### Work task
Word for word, repeat the data; no picture should appear in the result.

### Given data
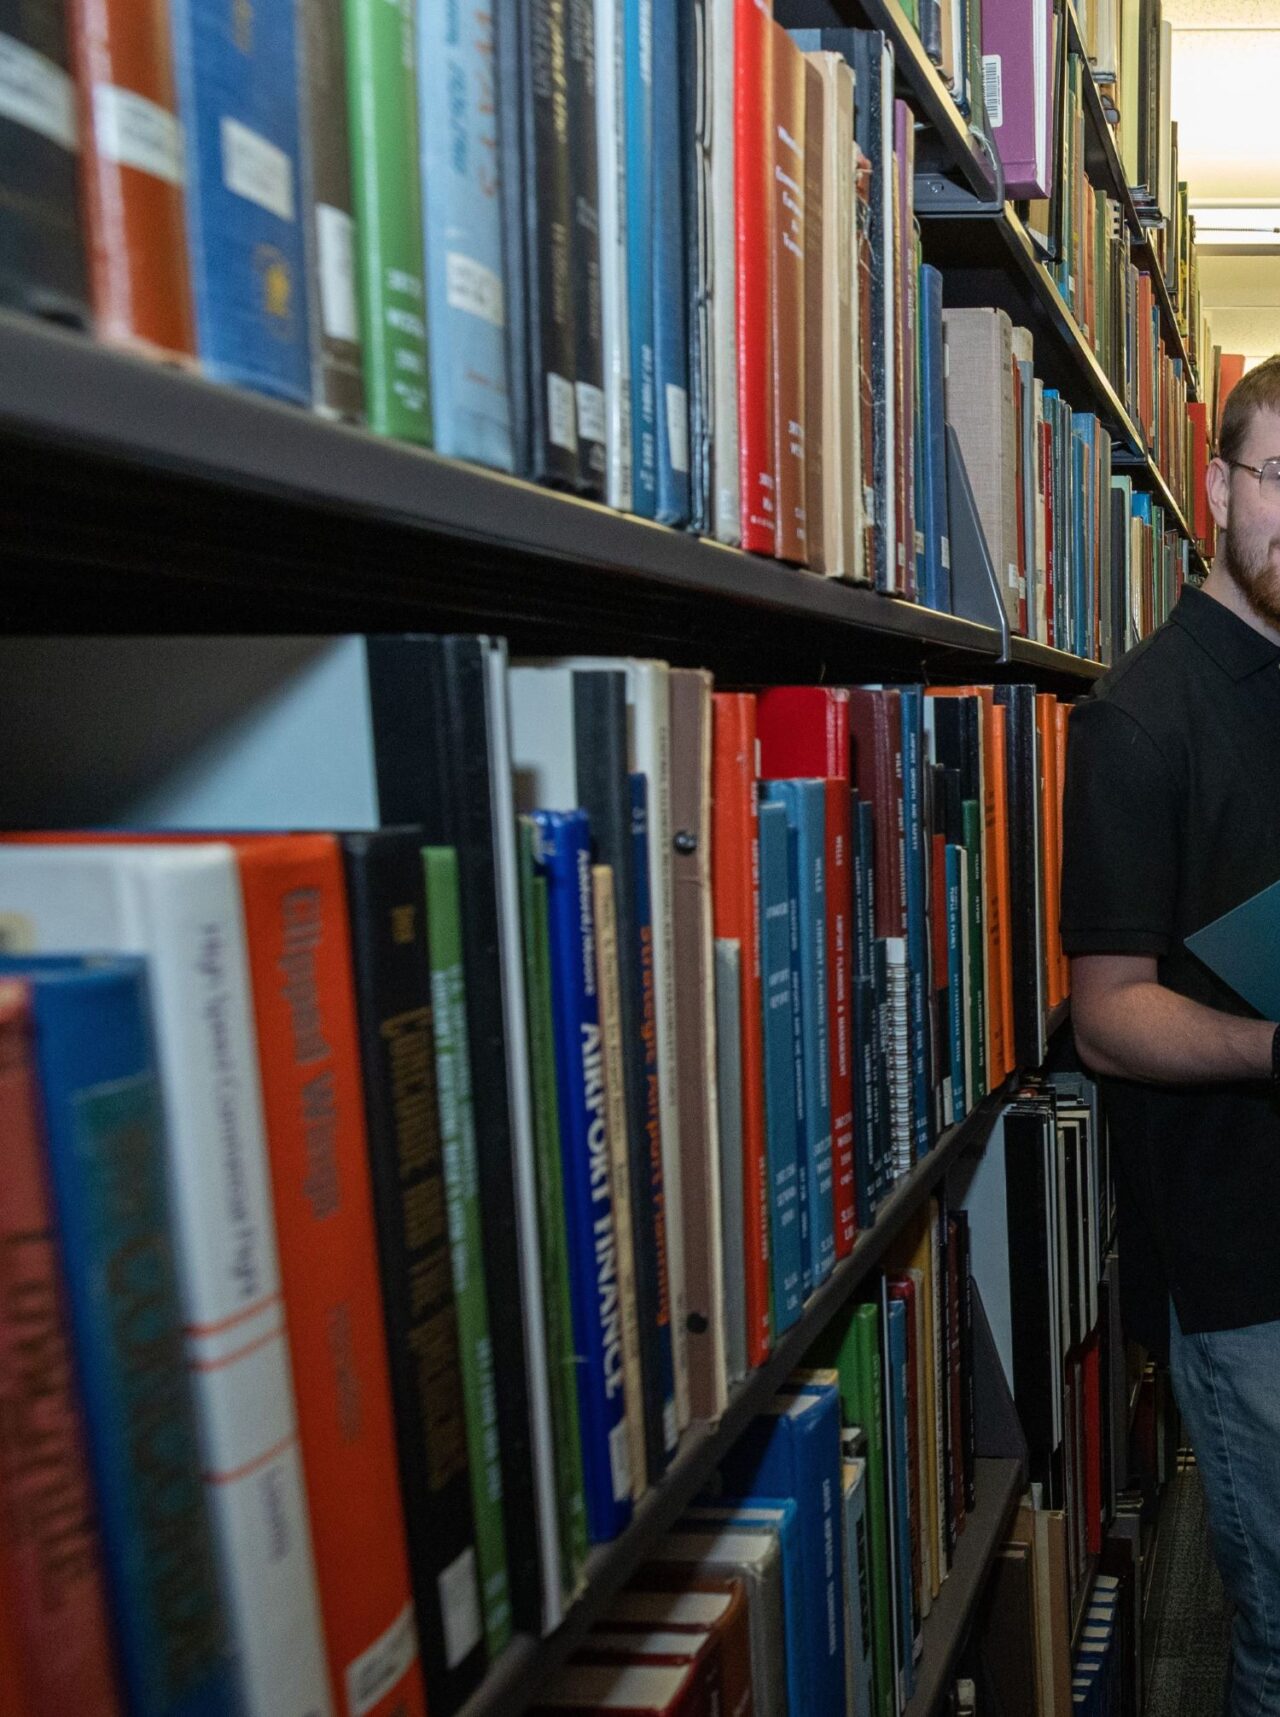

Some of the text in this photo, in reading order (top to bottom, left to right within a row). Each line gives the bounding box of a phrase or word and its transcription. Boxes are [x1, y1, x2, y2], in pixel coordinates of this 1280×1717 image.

[895, 752, 903, 779] WILEY
[897, 797, 905, 832] AIRPORT
[911, 822, 919, 851] SAFETY
[814, 857, 823, 893] WELLS
[834, 835, 844, 867] WELLS
[577, 849, 596, 997] Ashford/Moore
[816, 918, 825, 966] AIRPORT
[835, 914, 844, 952] AIRPORT
[276, 887, 334, 1065] Clipped
[816, 969, 826, 1026] PLANNING
[836, 955, 845, 1002] PLANNING
[837, 1016, 847, 1077] MANAGEMENT
[818, 1038, 828, 1108] MANAGEMENT
[580, 1022, 612, 1203] AIRPORT
[639, 925, 670, 1327] Strategic Airport Planning
[593, 1213, 624, 1400] FINANCE
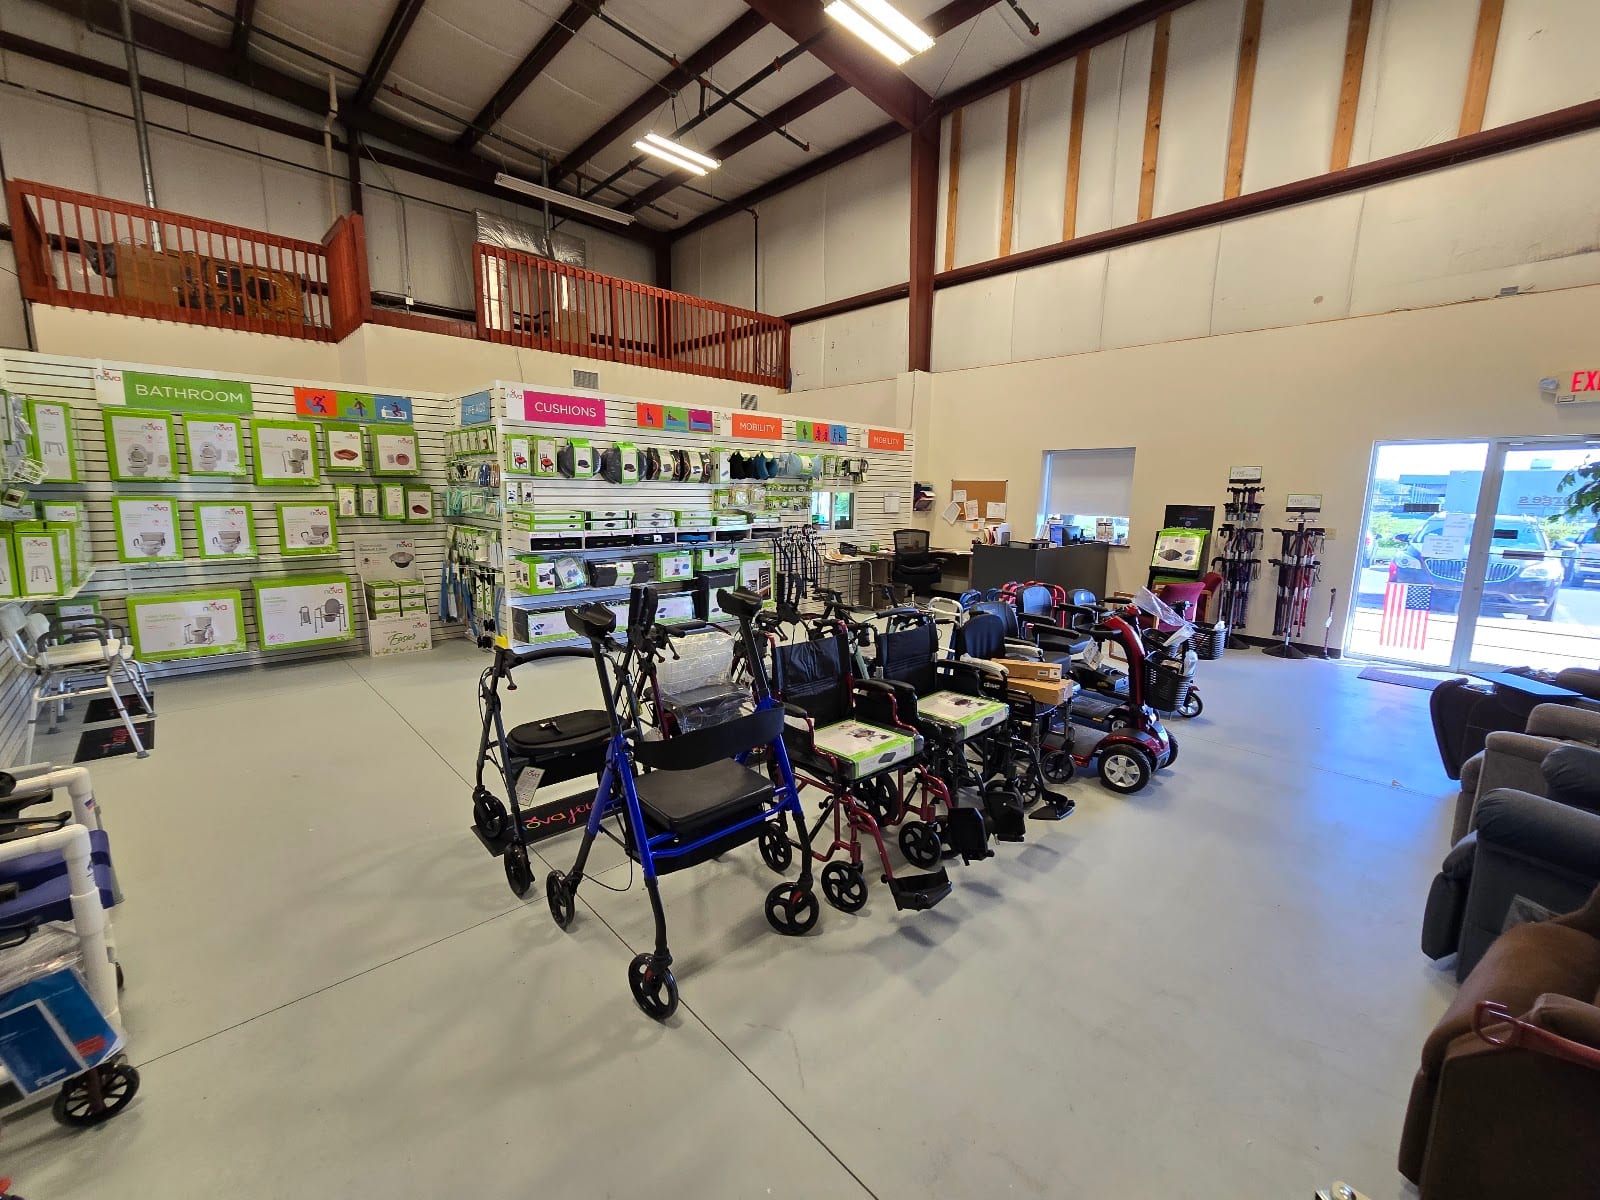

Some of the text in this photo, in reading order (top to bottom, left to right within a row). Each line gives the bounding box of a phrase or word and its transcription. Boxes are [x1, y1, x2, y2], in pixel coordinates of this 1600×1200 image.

[1571, 370, 1600, 392] EXI
[135, 384, 243, 404] BATHROOM
[534, 401, 597, 418] CUSHIONS
[739, 422, 776, 433] MOBILITY
[873, 435, 900, 446] MOBILITY

### Written solution
Some of the text in this photo, in reading order (top to bottom, left to right within a row). Each line gives the bounding box of a phrase or word and its transcription. Boxes are [x1, y1, x2, y2], in pixel coordinates of this 1280×1717 image.

[895, 752, 903, 779] WILEY
[897, 797, 905, 832] AIRPORT
[911, 822, 919, 851] SAFETY
[814, 857, 823, 893] WELLS
[834, 835, 844, 867] WELLS
[577, 849, 596, 997] Ashford/Moore
[816, 918, 825, 966] AIRPORT
[835, 914, 844, 952] AIRPORT
[276, 887, 334, 1065] Clipped
[816, 969, 826, 1026] PLANNING
[836, 955, 845, 1002] PLANNING
[837, 1016, 847, 1077] MANAGEMENT
[818, 1038, 828, 1108] MANAGEMENT
[580, 1022, 612, 1203] AIRPORT
[639, 925, 670, 1327] Strategic Airport Planning
[593, 1213, 624, 1400] FINANCE

Some of the text in this photo, in reading order (top to bottom, left to right within a row). Each line gives the bounding box of a phrase or word and its transcription. Boxes are [x1, y1, x2, y2], in pixel coordinates of this 1600×1200 image.

[1571, 370, 1600, 392] EXI
[135, 384, 243, 404] BATHROOM
[534, 401, 597, 418] CUSHIONS
[739, 422, 776, 433] MOBILITY
[873, 435, 900, 446] MOBILITY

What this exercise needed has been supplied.